国連で推奨されているプロジェクト管理資格「PRINCE2」の紹介です。

国連では数多くのプロジェクトがあり、数が多い為プロジェクトのマネジメント方法も統一しなければならいません。そこで国連で推奨されているのがPRINCE2です。PRINCE2は「PRojects IN Controlled Environments(管理された環境下でのプロジェクト)」の頭文字をとった用語です。プロジェクトを管理する際も、このPRINCE2に沿った形でプロジェクト管理をすることが推奨されています。実際に様々な採用募集要項でPRINCE2の資格を見るような気がします(僕の働いている分野だけでしょうか?)。PRINCE2の概要、資格の種類、その対策等をご紹介します。

PRINCE2とは

PRINCE2はプロジェクト、プロジェクトマネジメント等の定義から入ります。プロジェクトとは「合意された一つ若しくはそれ以上のビジネスケースを実行・達成するために作られた一時的な団体のこと」と定義します。

関連記事 >> 「そもそもプロジェクトとはなんですか?プロジェクトマネジメント資格「PRINCE2」の観点から見てみる

PRINCE2は7つの原理、7つのテーマ、7つのプロセスで構成されています。

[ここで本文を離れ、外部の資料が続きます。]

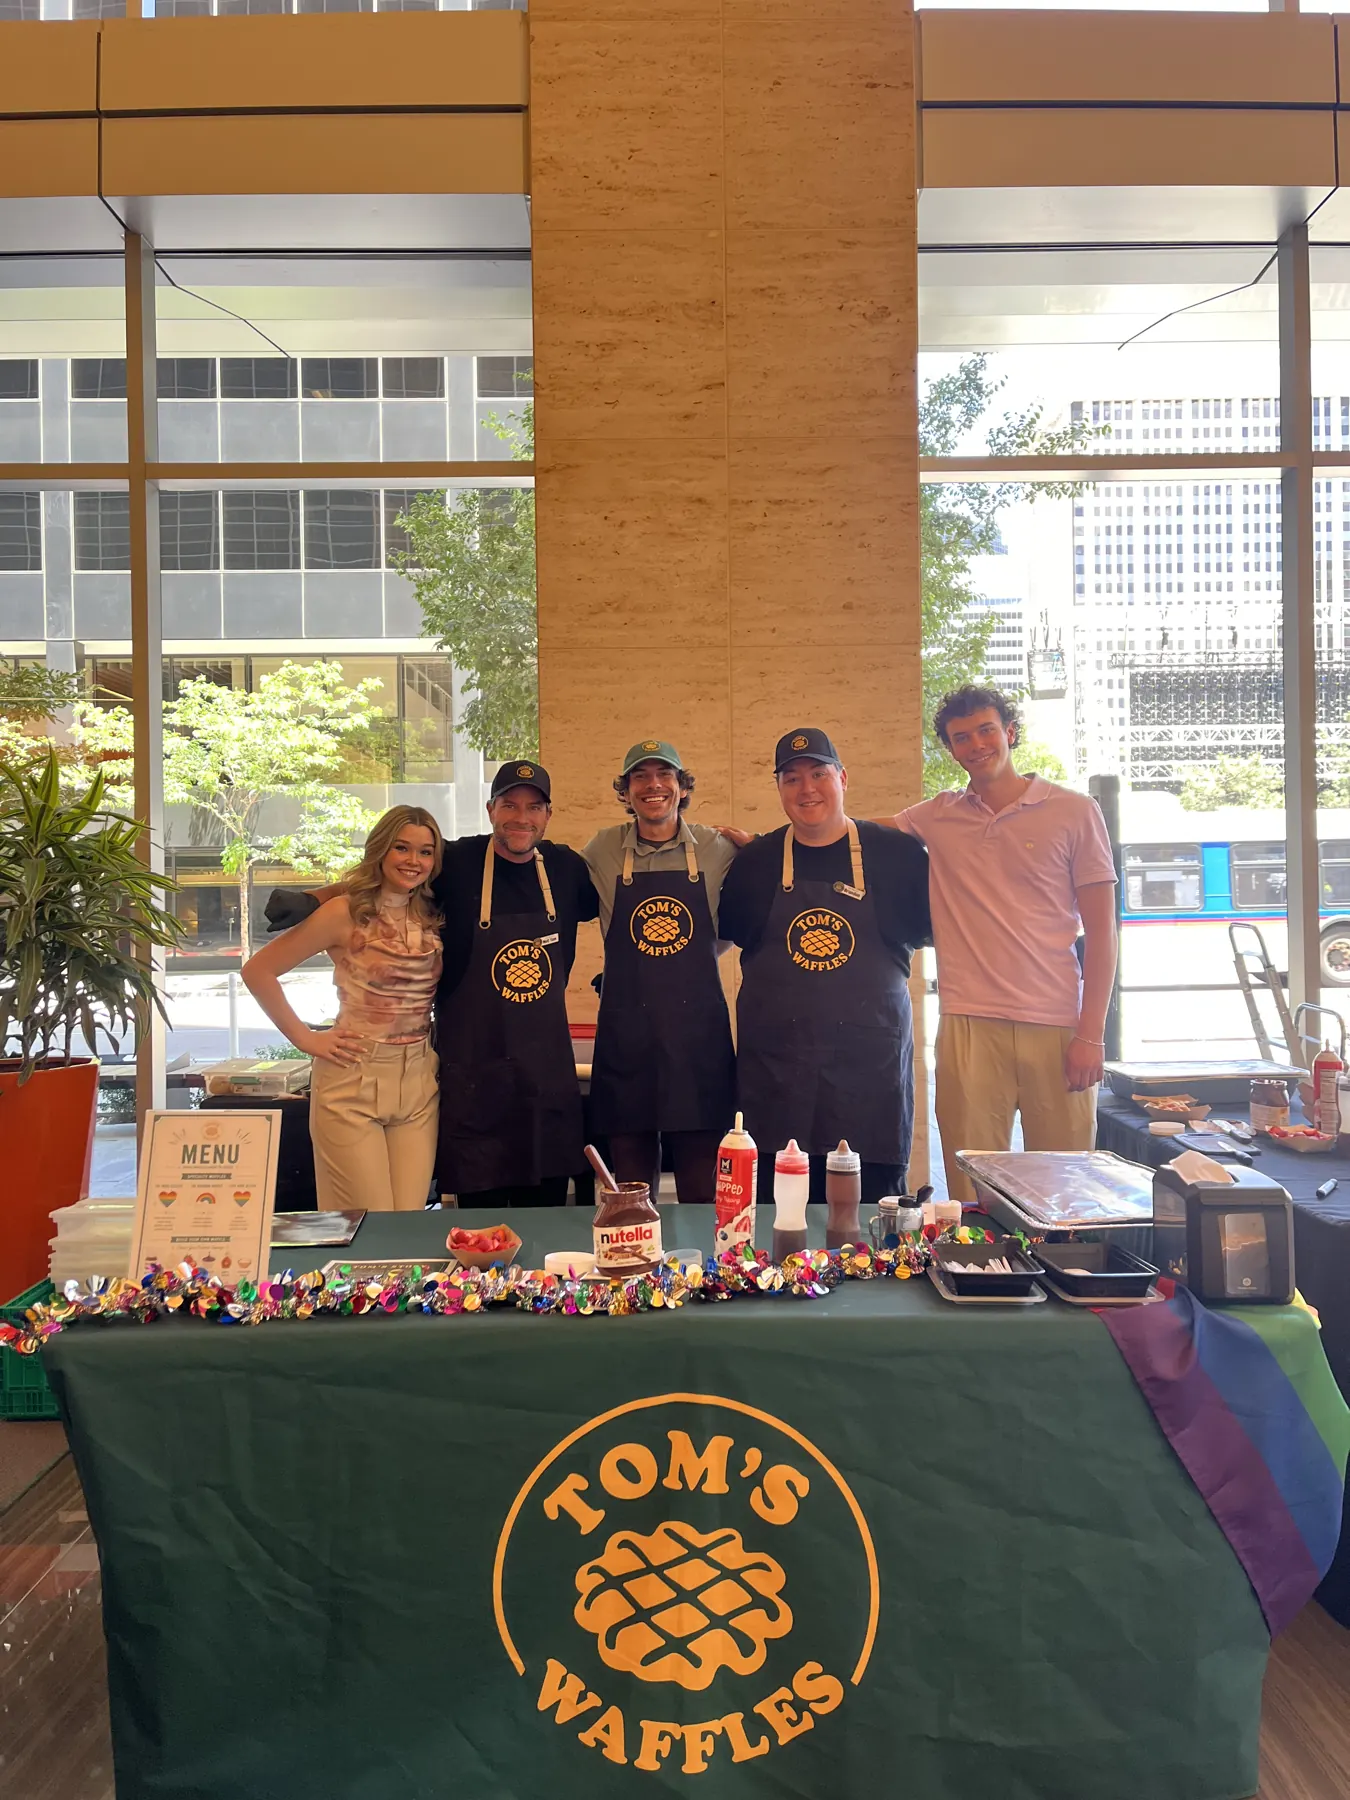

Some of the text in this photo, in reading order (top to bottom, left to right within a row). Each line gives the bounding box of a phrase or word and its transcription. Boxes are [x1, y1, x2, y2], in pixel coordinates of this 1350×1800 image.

[637, 902, 682, 920] TOM'S
[796, 914, 843, 931] TOM'S
[499, 945, 541, 965] TOM'S
[637, 936, 689, 957] WAFFLES
[792, 952, 848, 971] WAFFLES
[501, 980, 550, 1003] WAFFLES
[181, 1144, 240, 1165] MENU
[600, 1226, 653, 1244] nutella
[543, 1430, 810, 1536] TOM'S
[537, 1658, 844, 1775] WAFFLES

7つの原理は、プロジェクトを通して常に守らなければならないこと。7つのテーマはプロジェクトを進める上での方法論を示し、7つのプロセスはステージに合わせたプロジェクトの管理を行います。

こちらがPRINCE2が使っている図表ですが、プロジェクトの環境に応じて、これらの構成要件を適用させてプロジェクトをコントロールしていきます。プロジェクトマネジメントは必ずしもプロジェクトマネージャーと、プロジェクトチームだけではありません。プロジェクトマネージャーの上にいる経営陣、また会社としての役割も明確にしなければなりません。当たり前のことですが、そういうプロジェクトマネジメントに必要な要件をベストプラクティスに沿いながら一つ一つ詳しく説明しています

PMPのプロジェクトマネジメント資格と比べるとどちらを取得した方がいいの?

国連機関内は除くと、知名度という観点では世界的にはPMPのほうが高いです。PMPは割と誰でも知っていますが、PRINCE2となると「聞いたことがない」という声をよく聞きます。そういう意味では、PMPは取得できるならばそれに越したことはありません。

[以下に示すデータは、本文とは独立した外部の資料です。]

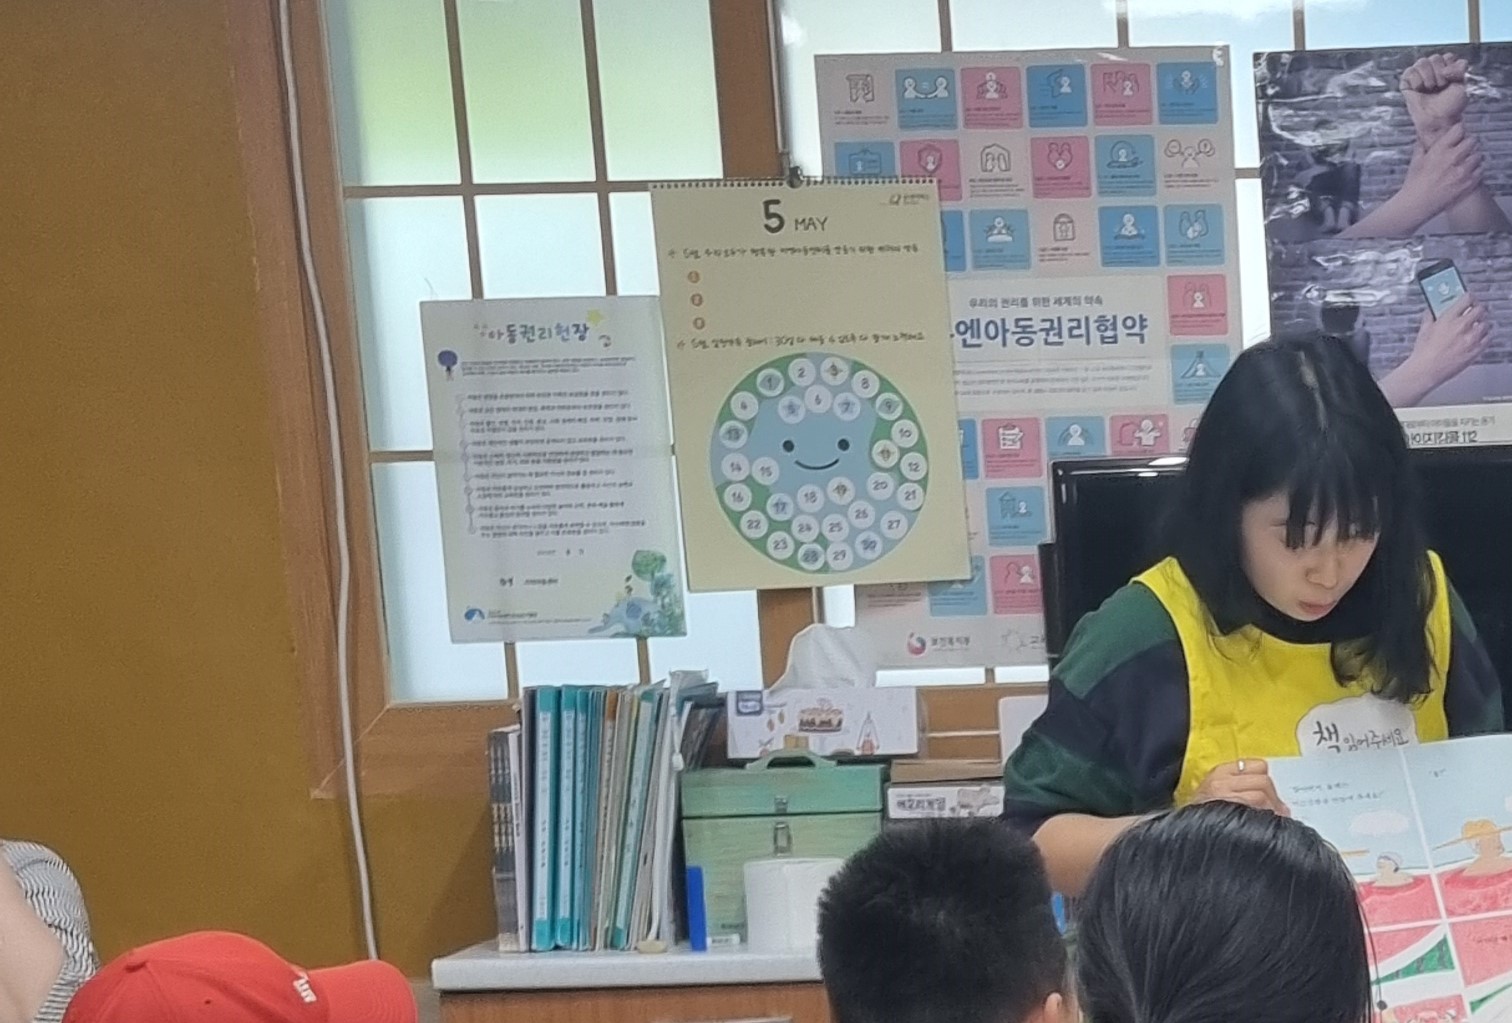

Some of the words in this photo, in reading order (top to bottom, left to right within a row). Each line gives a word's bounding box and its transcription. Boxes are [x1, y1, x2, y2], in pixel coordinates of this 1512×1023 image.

[763, 199, 785, 233] 5
[794, 216, 829, 231] MAY
[969, 296, 998, 309] 우리의
[1001, 296, 1029, 309] 권리를
[1032, 295, 1051, 308] 위한
[1052, 295, 1082, 308] 세계의
[1084, 294, 1103, 307] 약속
[488, 322, 590, 345] 아동권리헌장
[951, 313, 1149, 349] 엔아동권리협약
[899, 428, 911, 438] 10
[730, 461, 742, 472] 14
[760, 465, 773, 477] 15
[908, 461, 920, 472] 12
[873, 480, 888, 490] 20
[731, 491, 743, 503] 16
[804, 491, 817, 503] 18
[904, 490, 917, 501] 21
[747, 519, 761, 529] 22
[798, 522, 812, 534] 24
[829, 522, 843, 533] 25
[887, 519, 901, 530] 27
[773, 539, 788, 550] 23
[1312, 720, 1341, 754] 책

ただし、PMPは資格取得に際して、受験資格をチェックしなければなりません。

PMPの受験するにあたっての制約

PMPは下記の受験制約があります。

PMPは大学卒であれば、4500時間以上の実務経験、36ヶ月のPM経験が必要です。

また、高卒であれば、7000時間以上の実務経験、60ヶ月のPM経験が必要です。

この制約は、初めてプロジェクトマネジメントについて学ぼうという方にはハードルが高いように思います。

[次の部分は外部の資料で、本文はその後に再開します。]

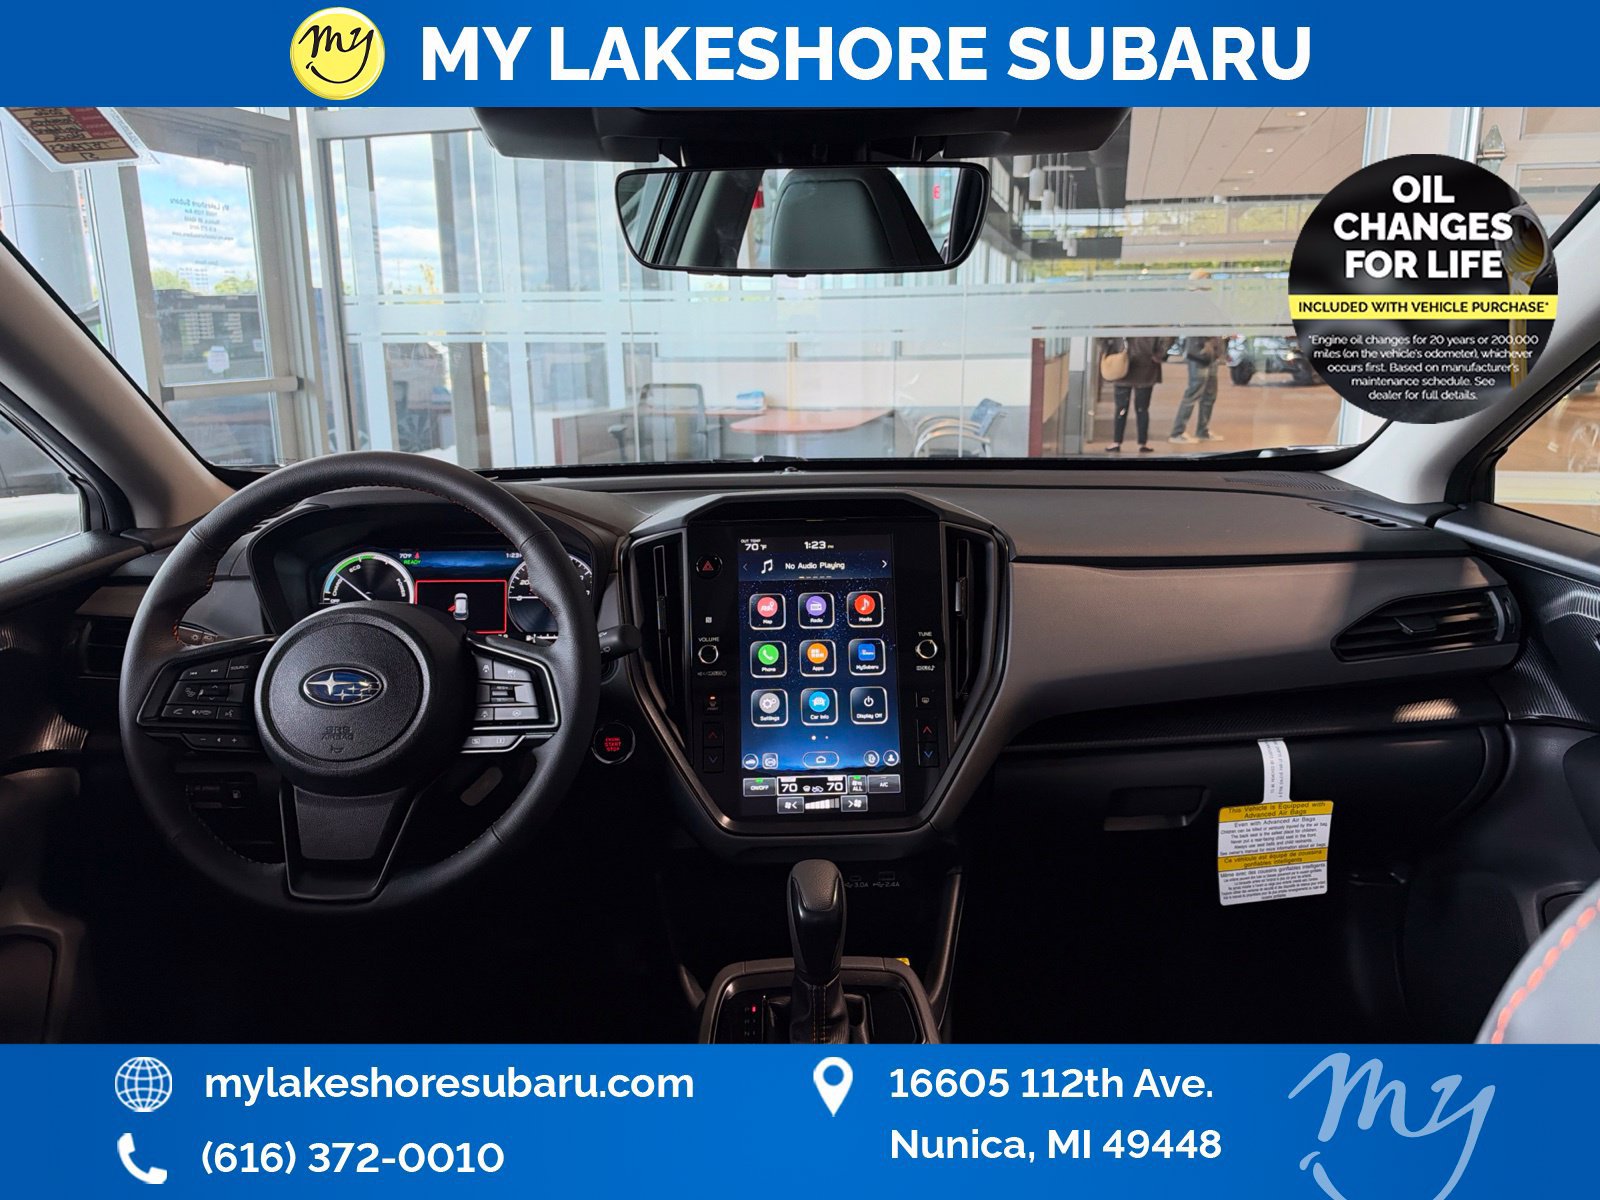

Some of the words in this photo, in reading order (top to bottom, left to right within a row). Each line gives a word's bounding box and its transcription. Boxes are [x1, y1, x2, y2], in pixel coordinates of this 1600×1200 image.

[745, 543, 759, 551] 70
[804, 540, 826, 549] 1:23
[819, 561, 845, 570] Playing
[780, 783, 798, 793] 70
[826, 781, 844, 791] 70
[1278, 802, 1310, 810] Equipped

PRINCE2は学歴や職務経験における受験制約がありません。ただし、初めはファンデーションコース(初級)を取得しなければ、プラクティショナー初め他の資格は受験できない部分的な制約があります。

PRINCE2の資格に関して

PRINCE2の資格は大きく分けて4つの資格があります。

  • ファンデーョン (初級)
  • プラクティショナー (中級)
  • プロフェッショナル (上級)(PRINCE2 2017から廃止?)
  • アジャイル (アジャイルプロジェクト用)

資格試験付きトレーニングを提供している団体が結構あるかと思います。私もトレーニング受けて資格をとりましたが、どこもとにかく受講料が高かったです。ただ、トレーニングを受けてみて感じたのが、ただ単純に試験に合格するだけであれば、公式テキストを購入して自分で勉強するのが一番手っ取り早いと思いました。特に何かしらのプロジェクトに普段から関わっている方はテキストだけでも相当な情報が得られると思います。

PRINCE2ファンデーション(初級資格)

この資格の目的はPRINCE2方法論や専門用語の理解であり、プロジェクトの一員、またはプロジェクトマネジメントチームとしてPRINCE2の環境下で仕事を効果的にこなすことができることです。また、プラクティショナーの資格を受験をする際に必要です。個人的な感覚値では、2日間集中的に勉強すれば殆どの人は合格レベルに達することができるかと思います。テキストを購入し、短期集中で取得しましょう。もしテキストの勉強だけでは不安な方はPRINCE2 Foundationkのオンラインコースも受講してみてください。

 

試験時間:60分

問題数:75問(うち5問は採点されません)

合格点:35問正解

参考:A4一枚の用紙を持ち込むこんで試験を受けることができます

サンプル問題(英語):https://www.axelos.com/certifications/sample-papers

テキスト:

>> 日本語版:Managing Successful Projects with Prince2

>> 英語版:Managing Successful Projects With Prince2 2017

オンラインコース:

>> PRINCE2のファンデーションコースと2回分の練習試験付き

試験は公式テキストに書かれていることの概要がそのまま聞かれます。例えば、各テーマの目的は?あるステージにおけるドキュメントは何が必要か等。

オンラインコースは練習試験もついているので、モックテストを行えばどれぐらいの難易度かわかるでしょう。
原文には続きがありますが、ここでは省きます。